Li Fi Technology

 

LiFi is a wireless communication technique that sends data and coordinates between devices using light. During a 2011 TED Global address in Edinburgh, Harald Haas coined the phrase.

 At his 2011 TED Global Talk, Professor Harald Haas invented the term "Li-Fi," introducing the concept of "wireless data from every light." He is a co-founder of pureLiFi with Dr. Mostafa Afgani and is a Professor of Mobile Communications at the University of Edinburgh.

The technology is comparable to Wi-Fi in terms of end usage, with the main technological distinction being that Wi-Fi transmits data by inducing a voltage in an antenna using radio frequency, whereas Li-Fi transmits data by modulating light intensity. Li-Fi has the potential to carry data at rates of up to 100 Gbit/s in theory. The capacity of Li-Fi to operate securely in environments that are otherwise sensitive to electromagnetic interference (e.g., airline cabins, hospitals, and military) is a benefit. Several groups throughout the world are working on the technology.

 

Li-Fi is a light communication technology that can carry data at high rates throughout the visible, ultraviolet, and infrared spectrums. Only LED bulbs can transmit data in visible light at the moment. In a similar way to Wi-Fi, Li-Fi is a derivation of optical wireless communications (OWC) technology, which employs light from light-emitting diodes (LEDs) as a medium to enable network, mobile, high-speed communication. From 2013 to 2018, the Li-Fi market was expected to increase at an annual pace of 82 percent, reaching a value of more than $6 billion. However, the business has not evolved as expected, and Li-Fi remains a niche sector used mostly to evaluate technologies.

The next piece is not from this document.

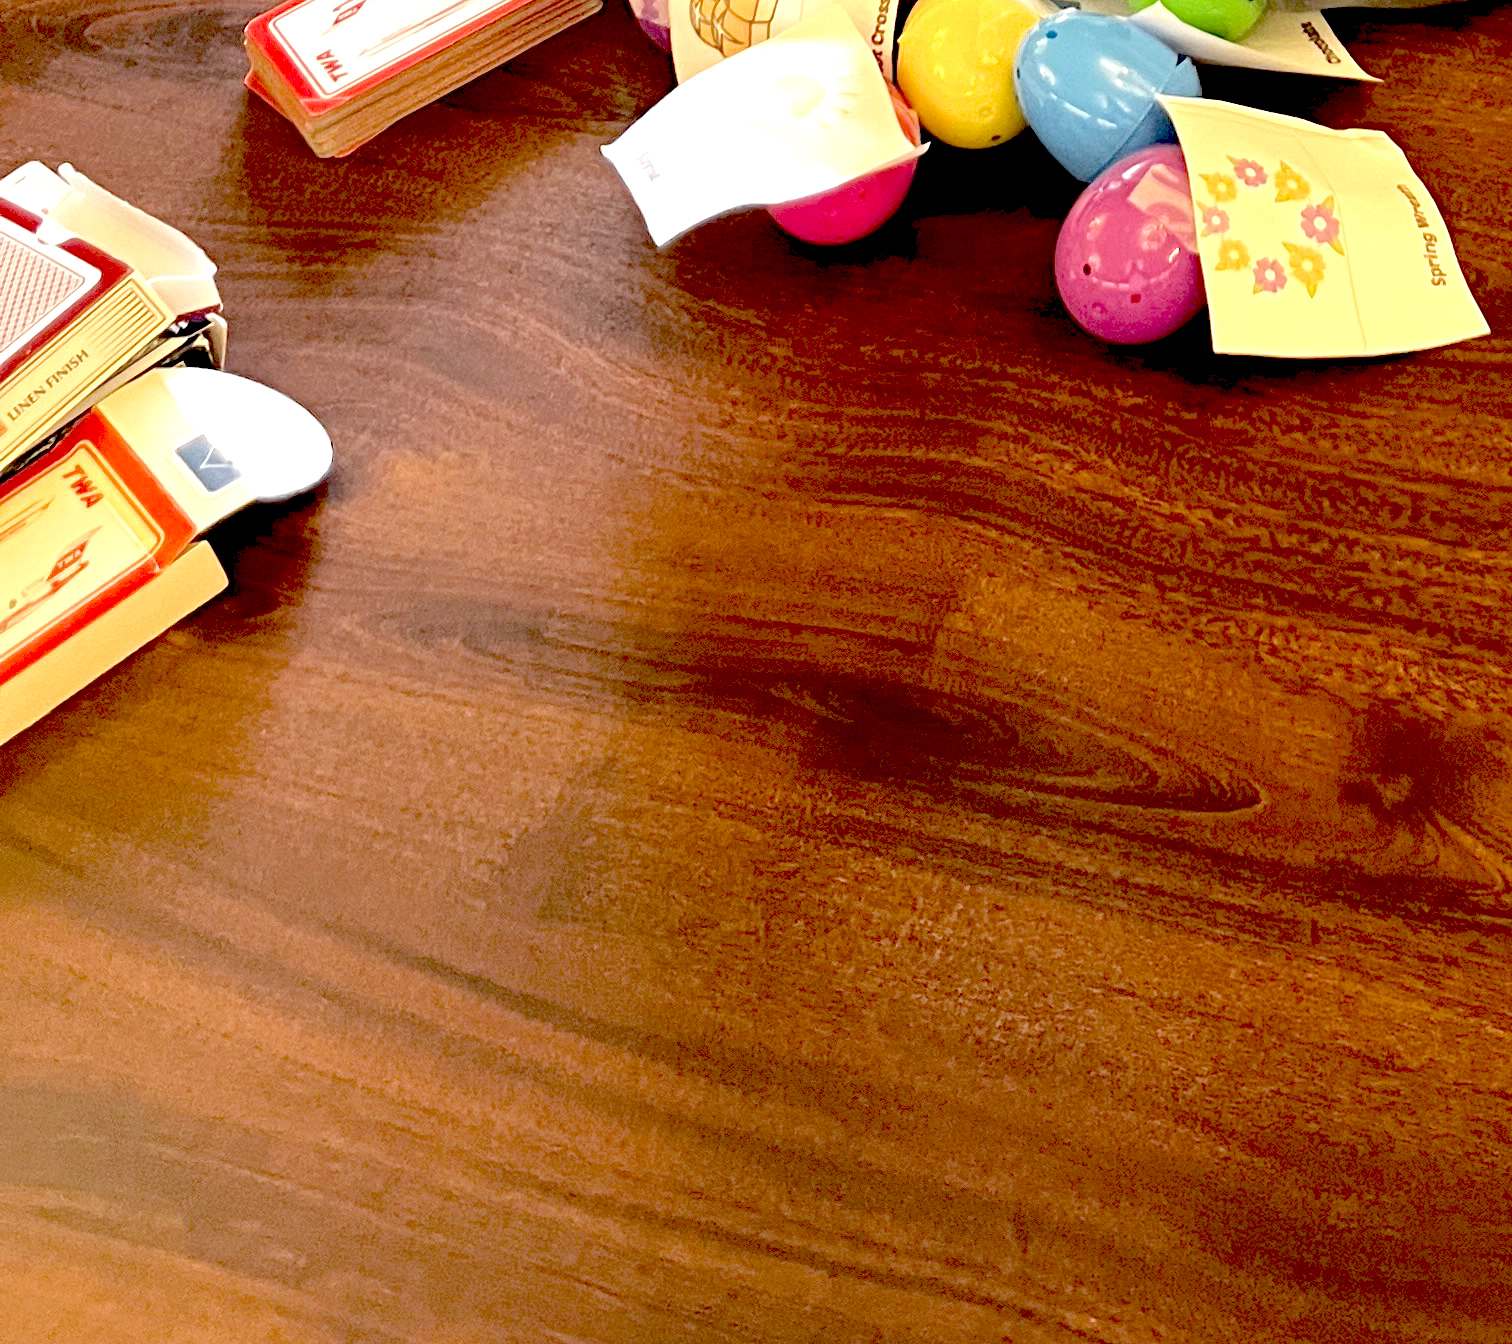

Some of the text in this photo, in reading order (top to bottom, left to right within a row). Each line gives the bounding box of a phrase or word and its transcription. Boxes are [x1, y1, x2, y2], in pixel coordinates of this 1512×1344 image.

[316, 49, 349, 82] TWA
[1422, 231, 1448, 287] Spring
[6, 349, 90, 422] LINEN FINISH
[62, 464, 105, 509] TWA

Visible light communications (VLC) operates by rapidly switching the current to the LEDs off and on, too quickly for the human eye to see, therefore there is no flickering. Although Li-Fi LEDs must be turned on to transfer data, they may be dimmed to below human vision while still providing enough light to transmit data. When using the visible spectrum, this is also a key bottleneck of the technology because it is limited to lighting and not well suited to mobile communication. Handover technologies, which allow roaming between different Li-Fi cells, may allow for a smooth transition between Li-Fi. Light waves cannot pass through barriers, resulting in a far narrower range and lesser hacking potential than Wi-Fi. Li-Fi does not require a direct line of sight to broadcast a signal; light reflected off walls may attain 70 Mbit/s. Li-Fi has the advantage of not creating electromagnetic interference in electromagnetic sensitive places such as airline cabins, hospitals, and nuclear power plants.  Both Wi-Fi and Li-Fi use the electromagnetic spectrum to transport data, however Li-Fi employs visible, ultraviolet, and infrared light, whereas Wi-Fi uses radio waves. While the US Federal Communications Commission has warned of a future spectrum crisis due to Wi-near-full Fi's capacity, Li-Fi has almost no capacity constraints. The visible light spectrum is 10,000 times bigger than the radio frequency spectrum as a whole. Researchers were able to achieve data speeds of about 224 Gbit/s, which was far faster than average high-speed internet in 2013. The cost of Li-Fi is predicted to be 10 times lower than that of Wi-Fi. The disadvantages include a limited range, inadequate dependability, and hefty installation costs. 

Bg-Fi is a Li-Fi system that consists of a mobile application and a basic consumer product, such as an IoT (Internet of Things) device, that includes a color sensor, microcontroller, and embedded software. The color sensor on the consumer goods receives light from the mobile device display and turns it into digital information. Light emitting diodes allow the consumer goods to connect with the mobile device in real time.

The communications cannot pass through walls or doors using the short wave radiation utilised by Li-Fi. This increases network security and makes it easier to manage network access. Access to a Li-Fi channel is limited to devices within the room as long as transparent objects like windows are covered.

Added an extra layer of tiny cells ('attocells') to wireless infrastructures. The averting of a radio frequency spectrum shortage (10,000 times more capacity). allowing for extremely high peak data rates (10 Gbps).

The Internet-of-Things (IoT) is being enabled (100 times more devices).Secure wireless communication has been significantly improved (reduced interception of signals).Enhanced energy-efficiency by combining data communication and illumination (100 times energy reduction) (100 times energy reduction).All health issues are completely gone.